**Problem requirements:**
Copy each of the entries below faithfully, setting aside any pictures.

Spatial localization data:
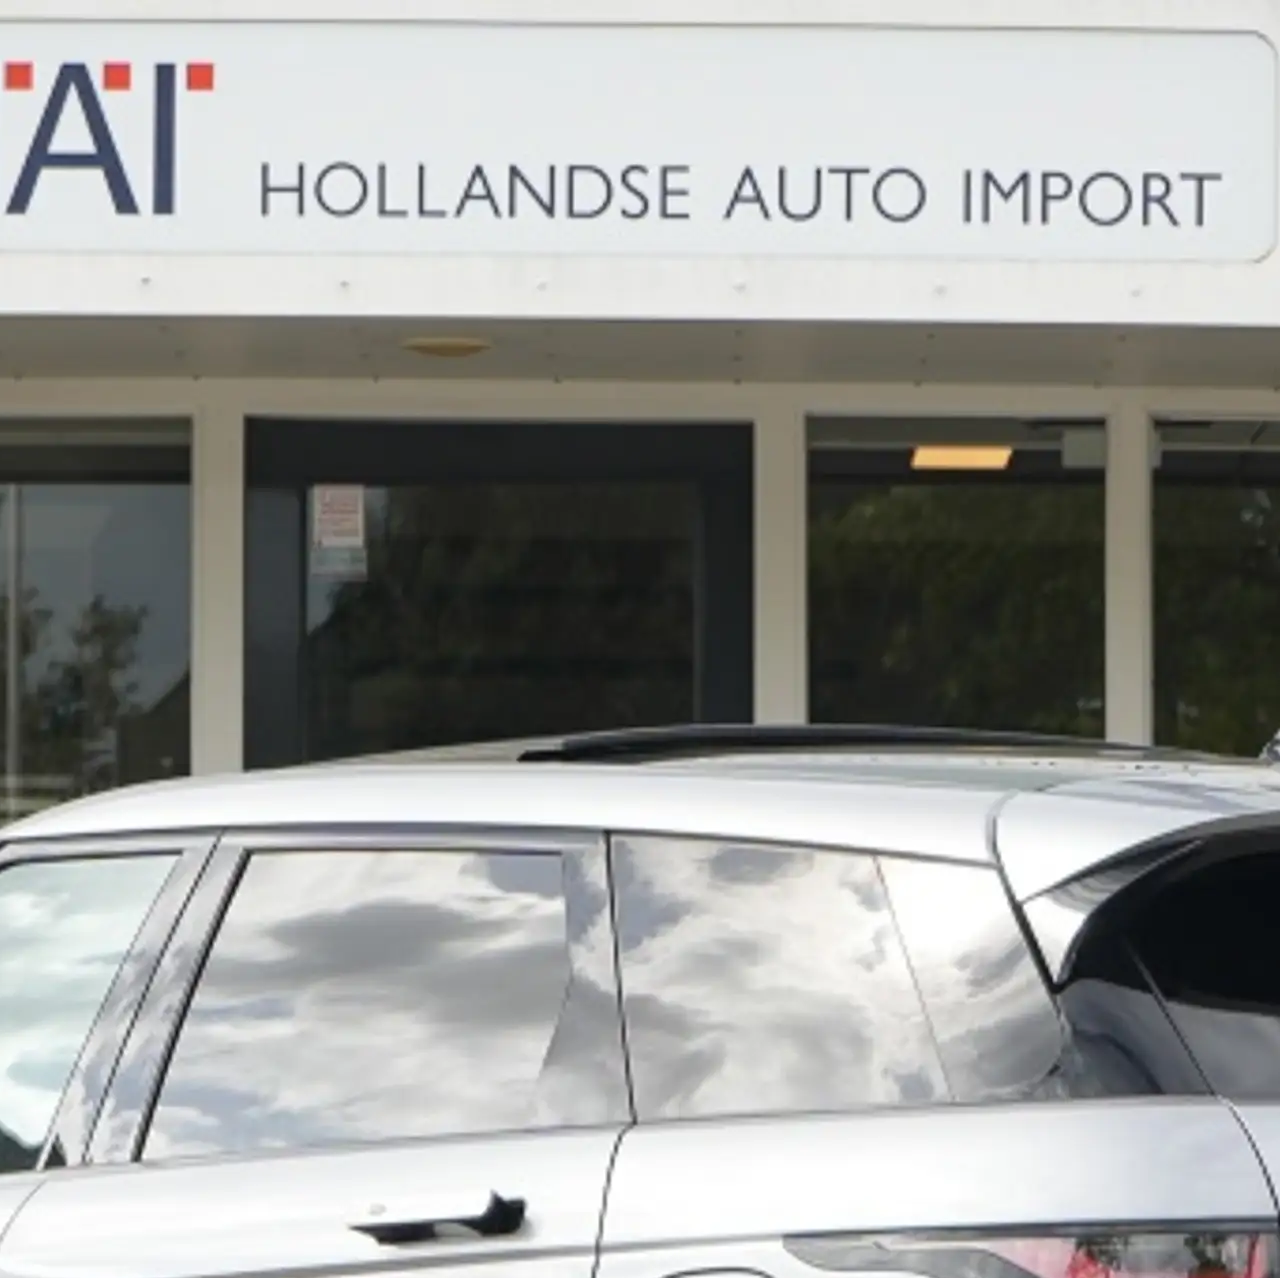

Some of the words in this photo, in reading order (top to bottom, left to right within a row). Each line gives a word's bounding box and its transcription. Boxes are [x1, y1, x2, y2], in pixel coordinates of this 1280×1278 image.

[260, 161, 690, 219] HOLLANDSE
[723, 166, 926, 222] AUTO
[963, 169, 1222, 226] IMPORT
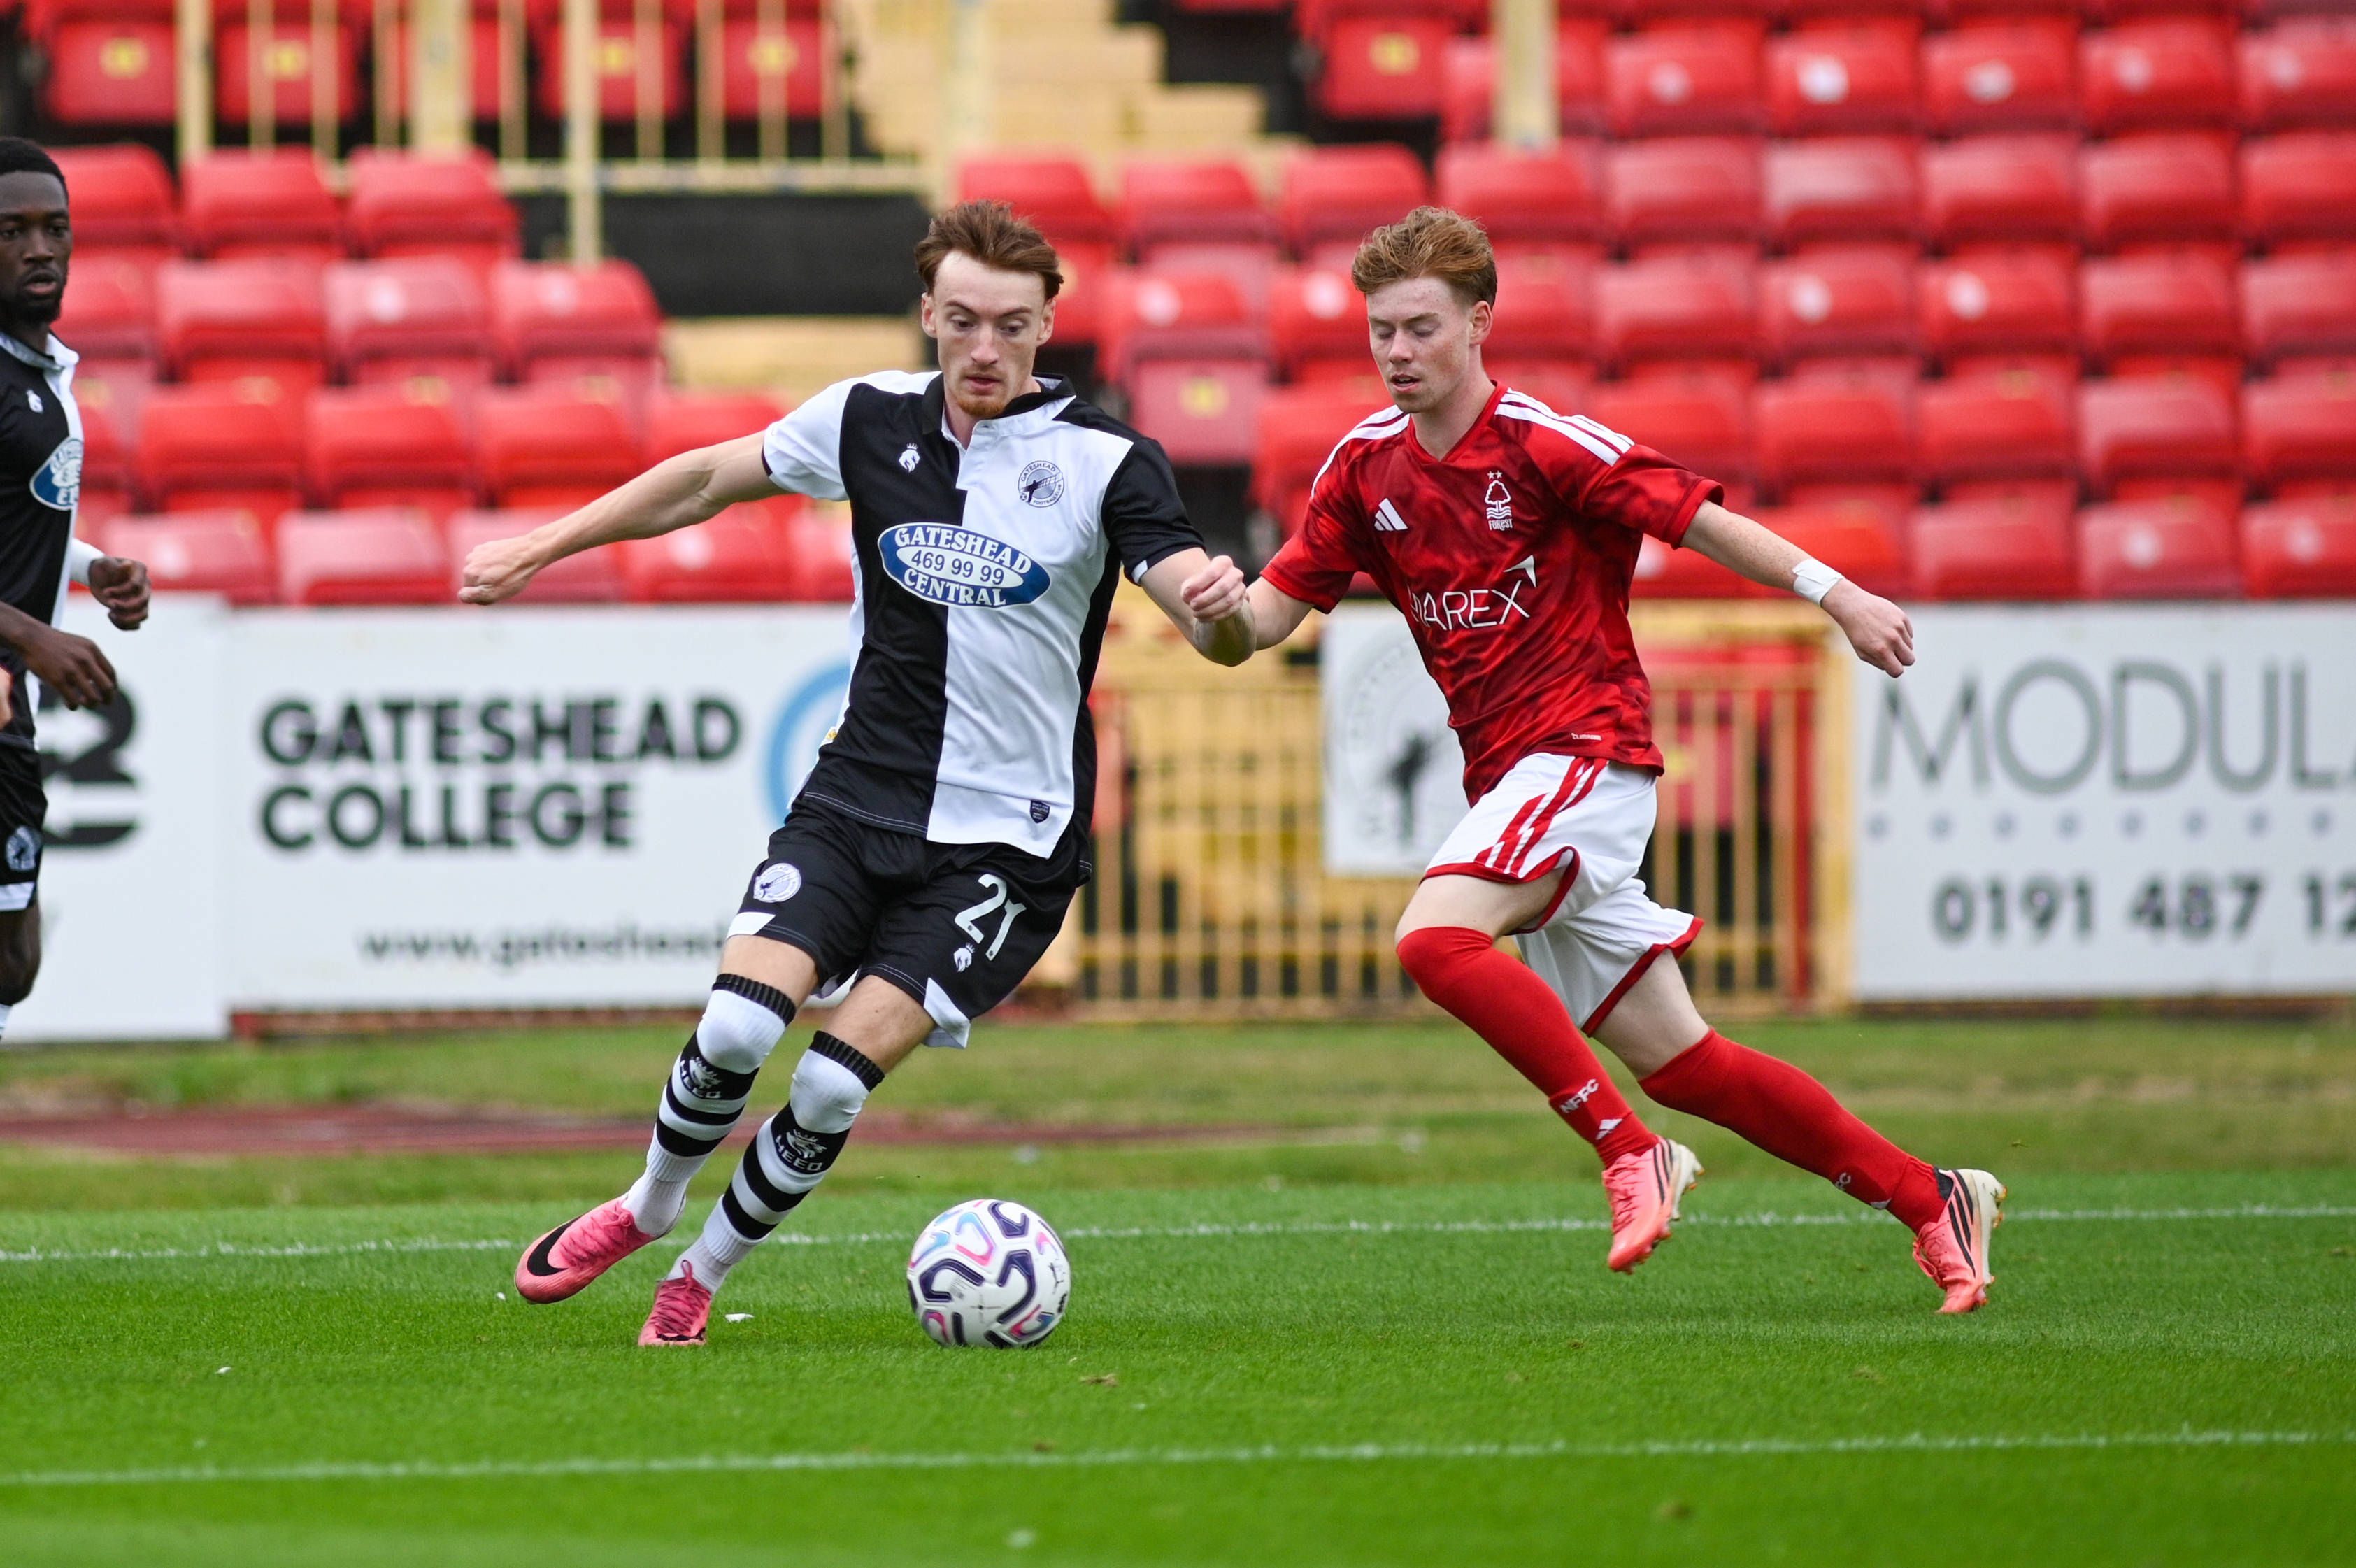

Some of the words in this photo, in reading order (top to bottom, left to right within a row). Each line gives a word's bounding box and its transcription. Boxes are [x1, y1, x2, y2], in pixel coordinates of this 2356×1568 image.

[1021, 462, 1056, 482] GATESHEAD
[894, 526, 1031, 574] GATESHEAD
[911, 550, 944, 571] 469
[951, 558, 973, 578] 99
[980, 565, 1004, 585] 99
[904, 569, 1006, 606] CENTRAL
[259, 697, 742, 767] GATESHEAD
[1870, 660, 2356, 794] MODUL
[259, 783, 633, 850] COLLEGE
[1932, 872, 2094, 944] 0191
[2130, 871, 2262, 944] 487
[1559, 1078, 1599, 1113] NFFC
[776, 1134, 823, 1171] HEED

**Result for this task:**
Some of the words in this photo, in reading order (top to bottom, left to right within a row). Each line gives a word's bounding box and its transcription. Boxes are [x1, y1, x2, y2], in pixel coordinates of this 1280×1278 image.

[260, 161, 690, 219] HOLLANDSE
[723, 166, 926, 222] AUTO
[963, 169, 1222, 226] IMPORT

Some of the words in this photo, in reading order (top to bottom, left to right within a row). Each line gives a word's bounding box and its transcription. Boxes are [x1, y1, x2, y2], in pixel coordinates of this 2356×1568 image.

[1021, 462, 1056, 482] GATESHEAD
[894, 526, 1031, 574] GATESHEAD
[911, 550, 944, 571] 469
[951, 558, 973, 578] 99
[980, 565, 1004, 585] 99
[904, 569, 1006, 606] CENTRAL
[259, 697, 742, 767] GATESHEAD
[1870, 660, 2356, 794] MODUL
[259, 783, 633, 850] COLLEGE
[1932, 872, 2094, 944] 0191
[2130, 871, 2262, 944] 487
[1559, 1078, 1599, 1113] NFFC
[776, 1134, 823, 1171] HEED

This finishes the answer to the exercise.